(Given records begins)

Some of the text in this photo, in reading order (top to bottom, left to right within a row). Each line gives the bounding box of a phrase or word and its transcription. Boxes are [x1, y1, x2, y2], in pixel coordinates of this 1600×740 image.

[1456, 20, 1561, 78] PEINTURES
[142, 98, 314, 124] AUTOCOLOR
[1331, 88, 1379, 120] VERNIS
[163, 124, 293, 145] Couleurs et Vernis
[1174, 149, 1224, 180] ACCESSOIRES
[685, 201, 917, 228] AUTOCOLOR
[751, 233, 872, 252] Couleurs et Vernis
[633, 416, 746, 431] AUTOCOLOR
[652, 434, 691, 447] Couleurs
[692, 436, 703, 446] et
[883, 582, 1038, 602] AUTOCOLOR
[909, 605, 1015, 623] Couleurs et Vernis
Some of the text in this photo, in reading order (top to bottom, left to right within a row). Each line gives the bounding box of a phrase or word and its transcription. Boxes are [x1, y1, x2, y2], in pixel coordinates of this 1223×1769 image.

(Given records ends)
(Given records begins)

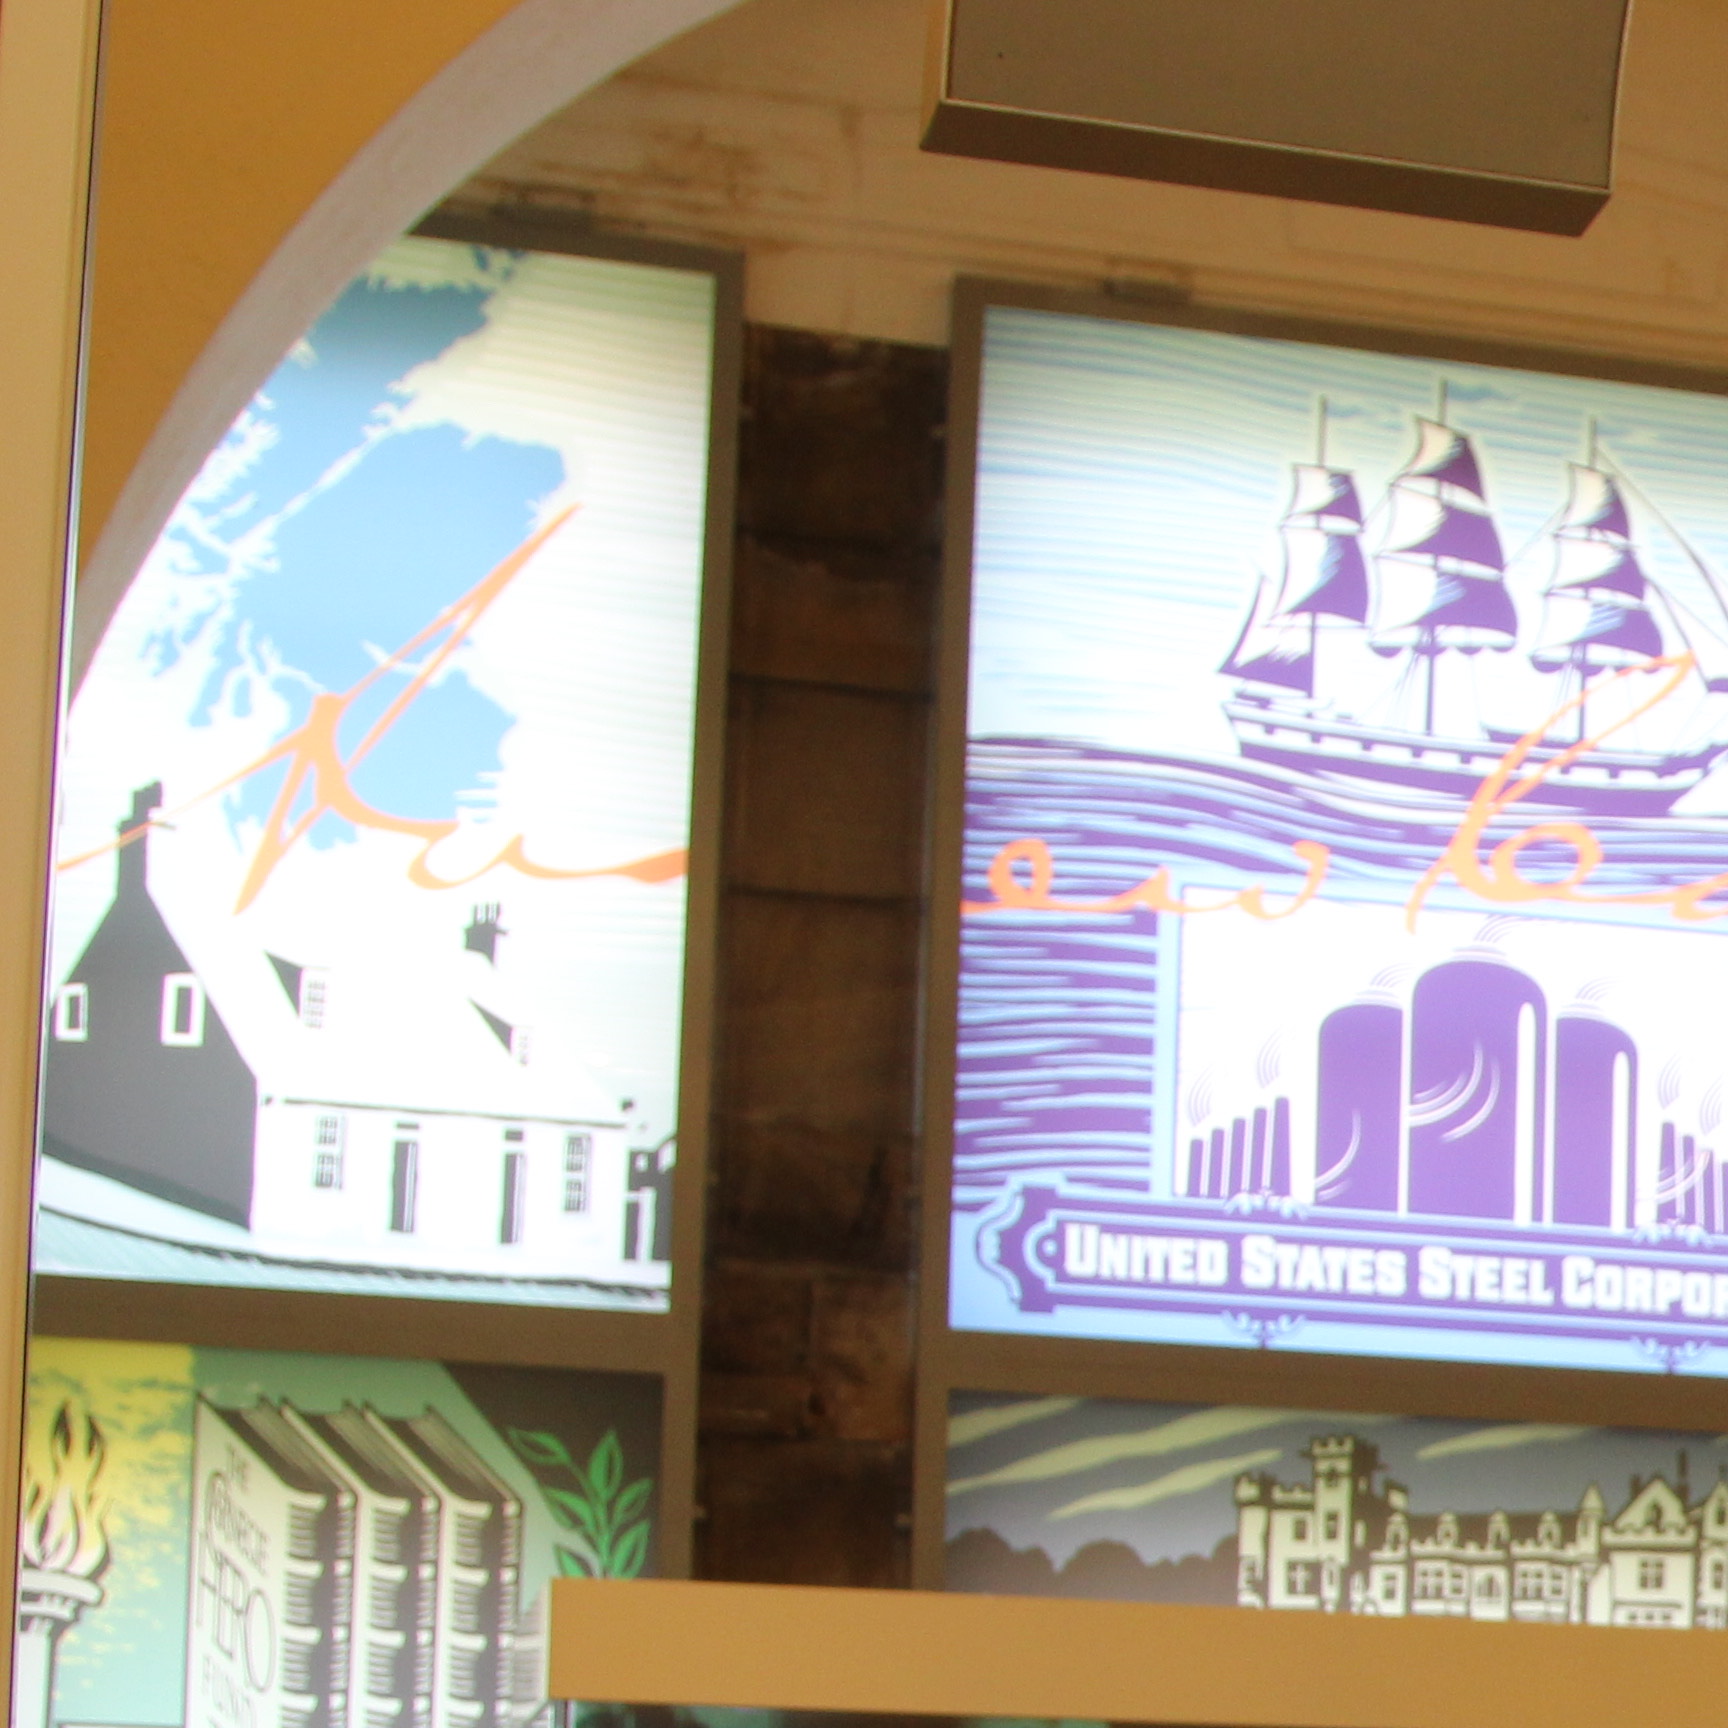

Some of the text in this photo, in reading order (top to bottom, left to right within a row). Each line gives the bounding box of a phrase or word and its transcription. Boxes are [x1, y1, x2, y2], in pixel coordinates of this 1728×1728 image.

(Given records ends)

» **Work instruction**
Only the lines above from the line containing "this 1600×740 image." through the line containing "this 1223×1769 image." should be retyped, exactly and with both ends included.

» **Result of this task**
Some of the text in this photo, in reading order (top to bottom, left to right within a row). Each line gives the bounding box of a phrase or word and its transcription. Boxes are [x1, y1, x2, y2], in pixel coordinates of this 1600×740 image.

[1456, 20, 1561, 78] PEINTURES
[142, 98, 314, 124] AUTOCOLOR
[1331, 88, 1379, 120] VERNIS
[163, 124, 293, 145] Couleurs et Vernis
[1174, 149, 1224, 180] ACCESSOIRES
[685, 201, 917, 228] AUTOCOLOR
[751, 233, 872, 252] Couleurs et Vernis
[633, 416, 746, 431] AUTOCOLOR
[652, 434, 691, 447] Couleurs
[692, 436, 703, 446] et
[883, 582, 1038, 602] AUTOCOLOR
[909, 605, 1015, 623] Couleurs et Vernis
Some of the text in this photo, in reading order (top to bottom, left to right within a row). Each line gives the bounding box of a phrase or word and its transcription. Boxes are [x1, y1, x2, y2], in pixel coordinates of this 1223×1769 image.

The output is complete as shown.